Healthy Living and Good Intentions
When it comes to eating well and exercising, Americans seem to be pretty good at “talking the talk.” Most of us claim that we’re taking in less fat, sugar and red meat, that we’re eating more fruits and veggies and that we’re exercising regularly. But when it comes to actually “walking the walk,” it’s a different story. There seems to be a big gap between the number of people who have good intentions to engage in these healthy behaviors and the number who actually do. And that seems to suggest that knowledge alone isn’t enough when it comes to adopting healthy behaviors. Just because we know what we should be doing, doesn’t mean we actually do them.
Recently, the results of a survey1 were released by a market research firm that’s been tracking the eating behaviors of millions of Americans for over 30 years. The survey presented adults with a series of statements related to nutrition and healthy lifestyle behaviors—things like, “I exercise regularly” or “I limit my sugar intake.” The participants were then asked two things: how often they actually followed these behaviors over the previous twelve months, and how often in the next year they expected to.
The biggest gap between what people said they were going to do and what they were actually doing was in getting regular exercise. Almost two-thirds of respondents said they intended to exercise regularly in the upcoming year, but only 46 percent said this was something they were actually doing. More than half said they expected to reduce their calorie intake in the future, but only 38% were actually making the effort. Ditto for eating smaller, more frequent meals: 44% said they expected to, but fewer than 30% were actively practicing portion control.

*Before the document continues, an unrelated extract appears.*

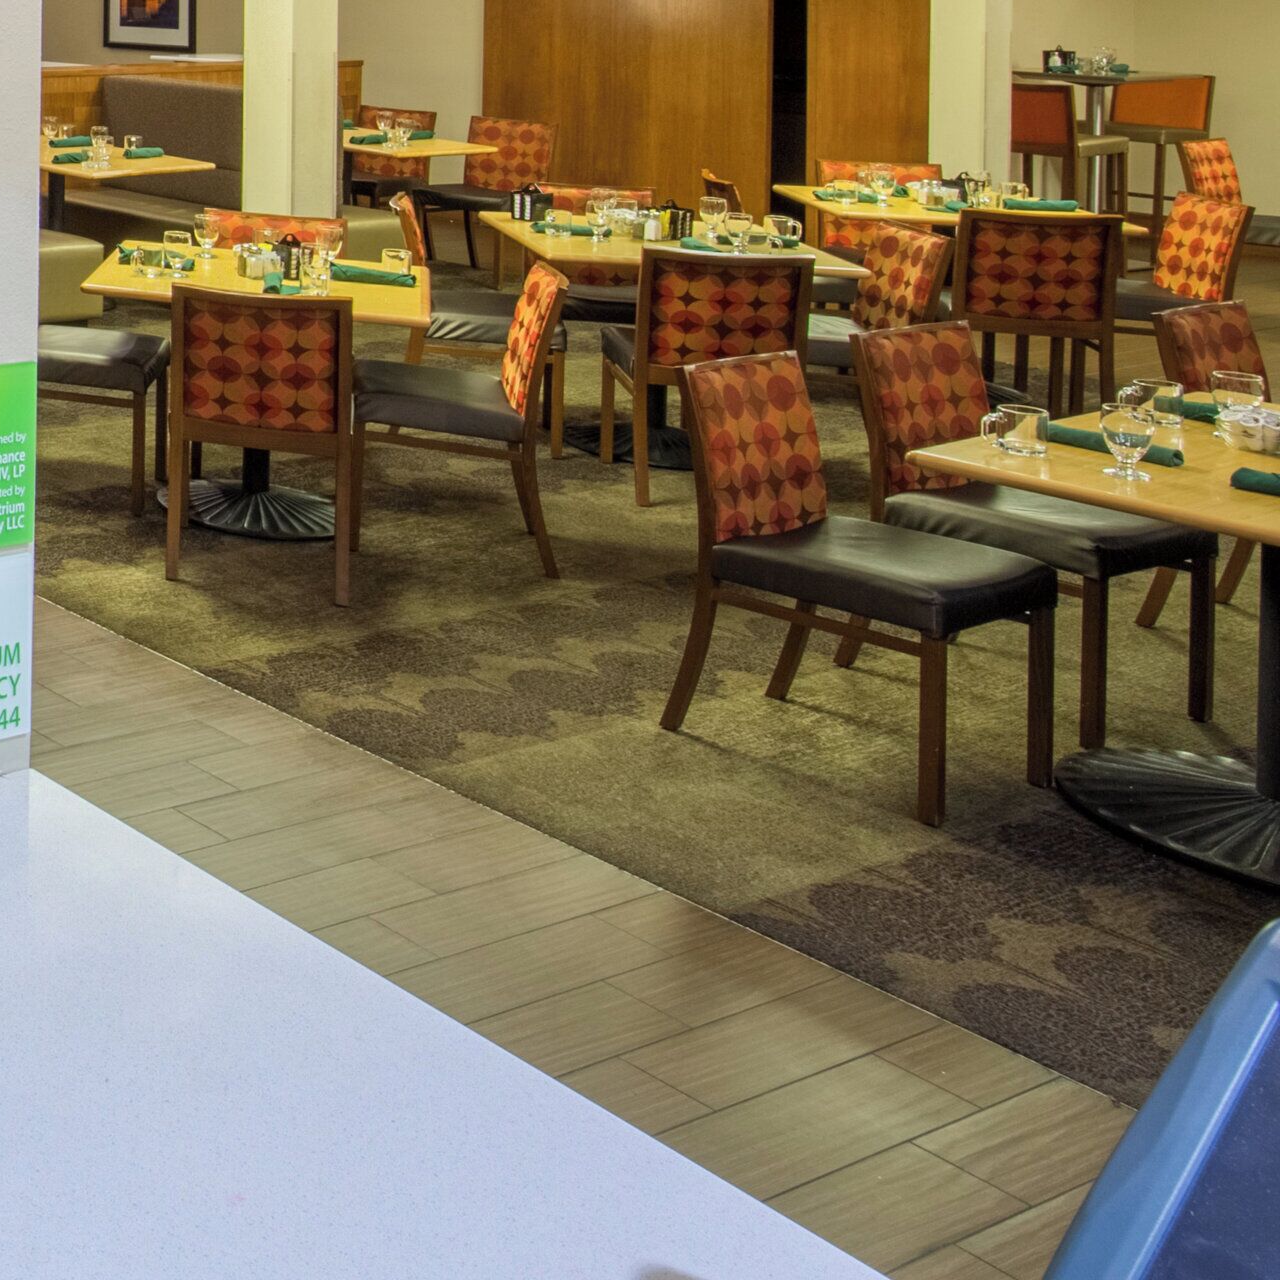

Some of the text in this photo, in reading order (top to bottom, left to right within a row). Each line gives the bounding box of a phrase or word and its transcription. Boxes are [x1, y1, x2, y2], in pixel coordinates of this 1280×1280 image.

[15, 431, 27, 444] by
[13, 464, 26, 478] LP
[14, 484, 26, 497] by
[6, 515, 25, 531] LLC

One thing was clear from the report. Respondents were well acquainted with the top features of a healthy lifestyle and could easily reel them off: regular exercise, well balanced meals, eating in moderation, a limit on fat, saturated fat and sugar intake and drinking eight glasses of water a day.
But simply knowing what’s best for us doesn’t necessarily ensure that we’ll become more active or make better food choices. We have to figure out what will motivate us to be more than just intent on doing something, but to actually following through. Some might be motivated by the promise of a healthier body weight. For others, it might be more about feeling better and putting more life into their years.
Even with motivation and the best intentions, it could still be an uphill battle. The survey also reported that when it comes to deciding what to eat, “taste appeal and enjoyment” outranked by a wide margin the consideration of “health and nutrition.”
1NPD Group Inc. Healthy Eating Strategies by Generations, 2011.